Colloquium Speaker

Speaker:Tao Jiang
McMaster University
Hamilton, Ontario, Canada
Topic:Average-case Analysis by the Incompressibility Method
Date:Tuesday, March 23, 1999
Time:9:30 AM
Place:Gould-Simpson, Room 701

Refreshments will be served in the 7th-floor lobby of Gould-Simpson at 9:15 AM


A string $x$ is said to be incompressible if the shortest algorithmic description of $x$ (which is also called the Kolmogorov complexity of $x$) has length at least $|x|$. Strings that are incompressible are patternless since a pattern could be used to reduce the description length. The incompressibility method is an elementary yet powerful proof technique based on the fact that most strings are incompressible.
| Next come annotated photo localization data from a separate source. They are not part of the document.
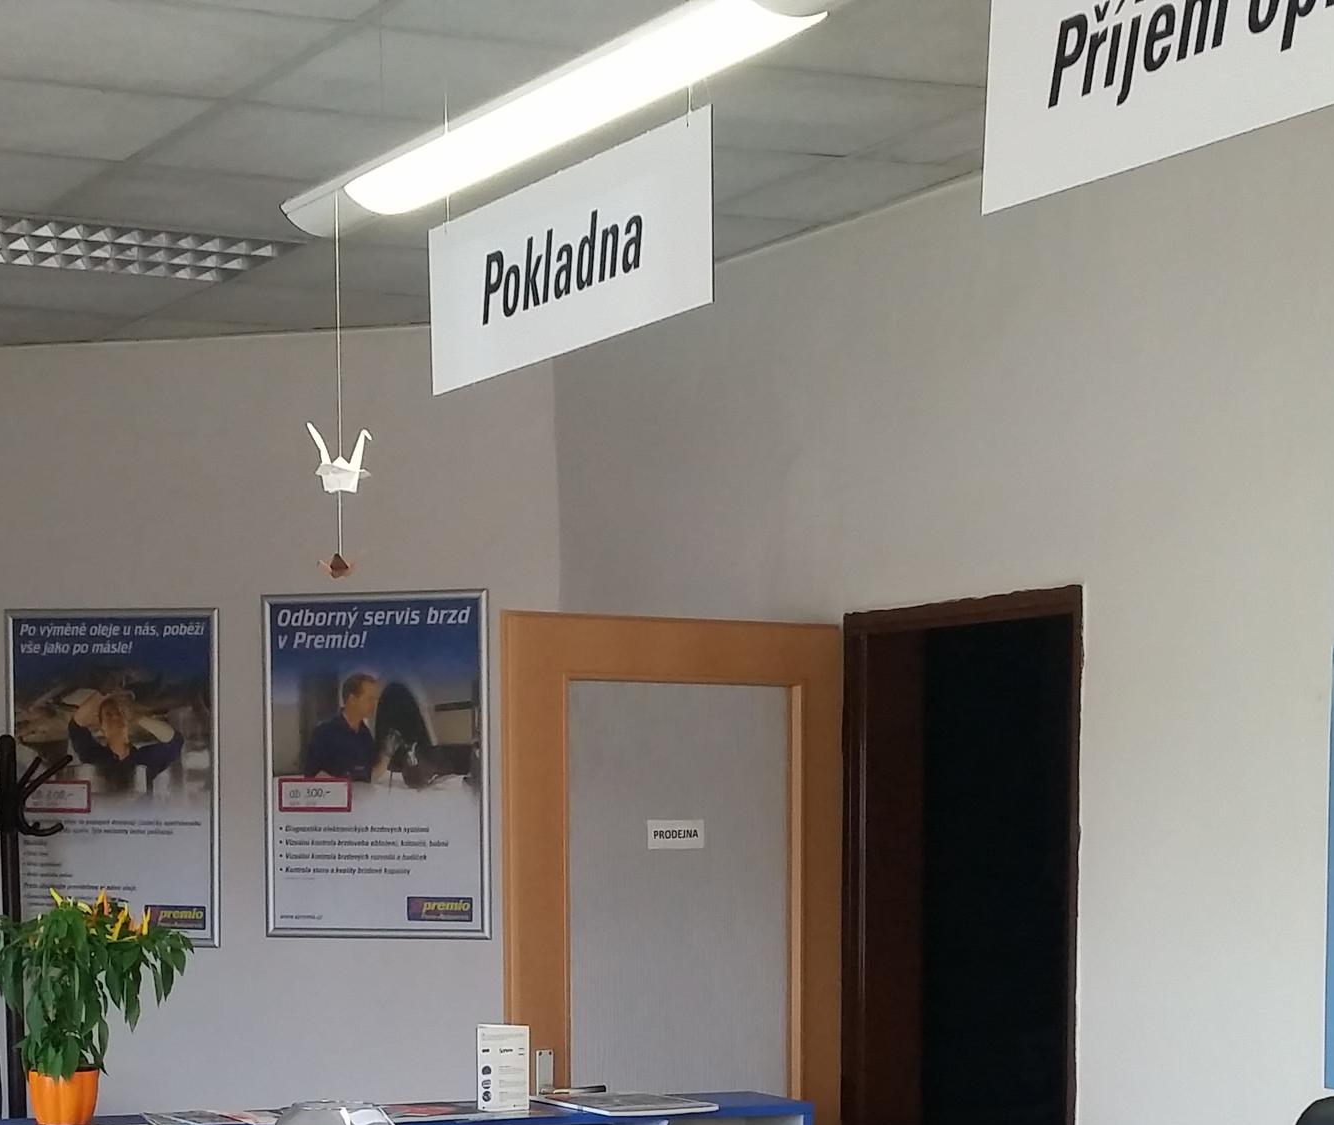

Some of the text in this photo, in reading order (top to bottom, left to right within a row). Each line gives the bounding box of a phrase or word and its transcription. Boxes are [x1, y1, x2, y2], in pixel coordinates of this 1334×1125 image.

[1048, 0, 1229, 109] Příjem
[482, 208, 644, 327] Pokladna
[277, 606, 471, 629] Odborný servis brzd
[20, 622, 205, 638] Po výměně oleje u nás, poběží
[20, 641, 132, 656] vše jako po másle!
[278, 631, 367, 649] v Premio!
[654, 829, 698, 839] PRODEJNA
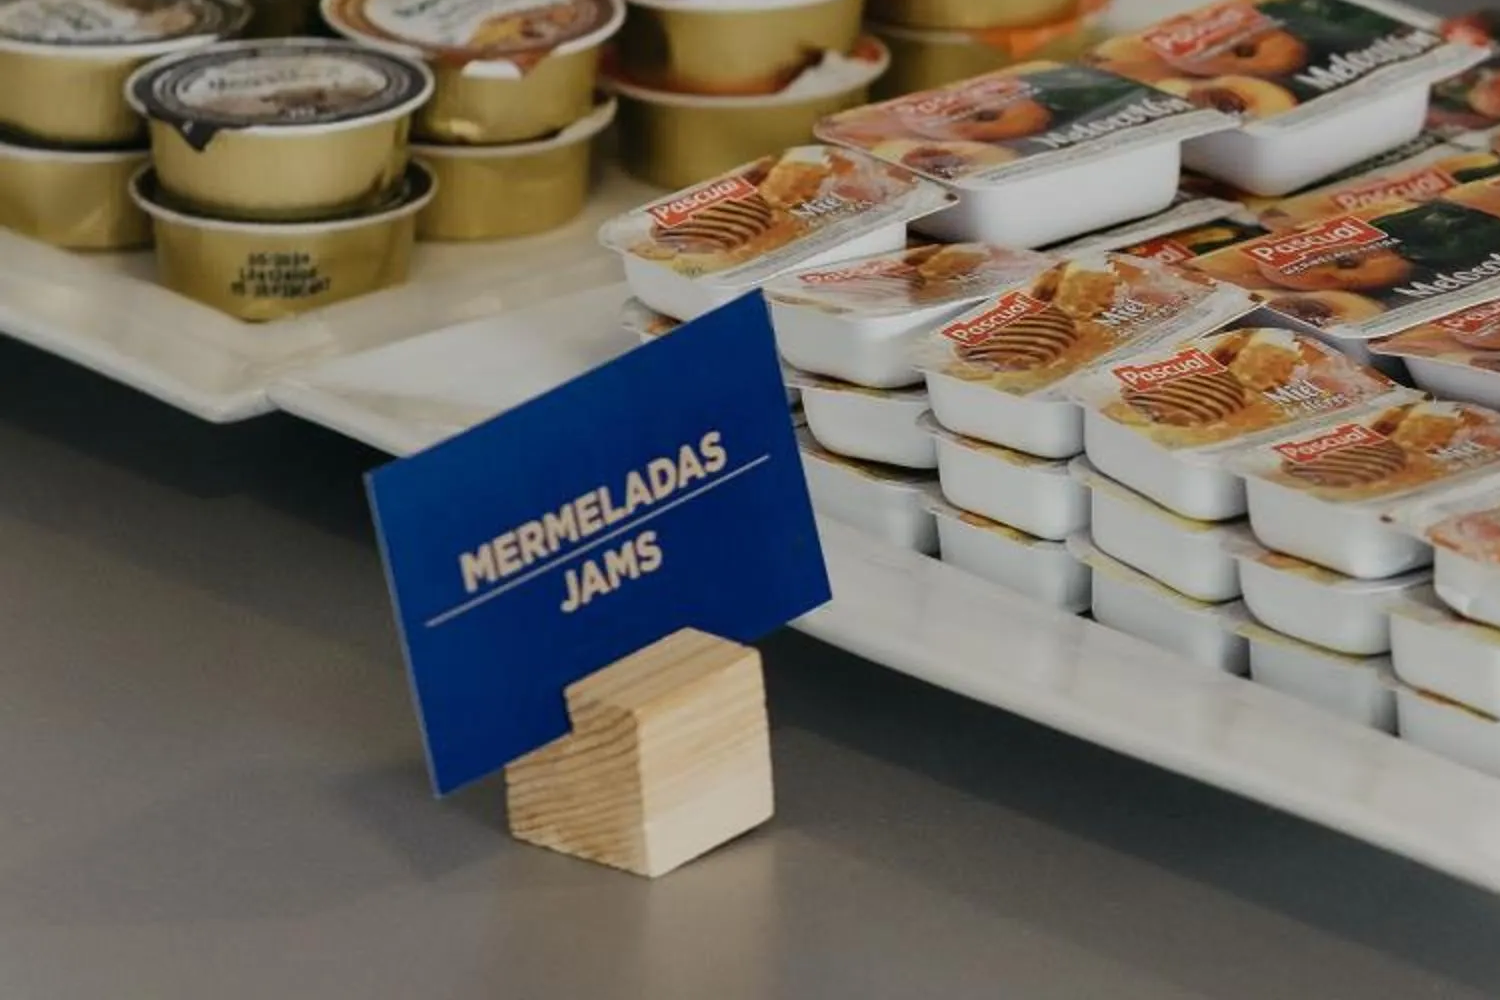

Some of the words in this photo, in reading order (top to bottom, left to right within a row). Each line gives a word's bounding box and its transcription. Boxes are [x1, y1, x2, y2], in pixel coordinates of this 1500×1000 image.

It has been used successfully in many areas including lower bounds for computational models, formal language and automata theory, combinatorics, and average-case analysis of algorithms. In a typical proof using the incompressibility method, one first chooses an incompressible object from the class under discussion. The argument invariably says that if a desired property does not hold for this object, then the object can be compressed. This yields the required contradiction. Furthermore, since most objects are incompressible, the desired property usually holds on average.

In this talk, we first give a brief exposition of Kolmogorov complexity and the incompressibility method, and then focus on the application of the method in average-case analysis. The examples considered here include some well-known sorting algorithms.

This is joint work with Ming Li and Paul Vitanyi.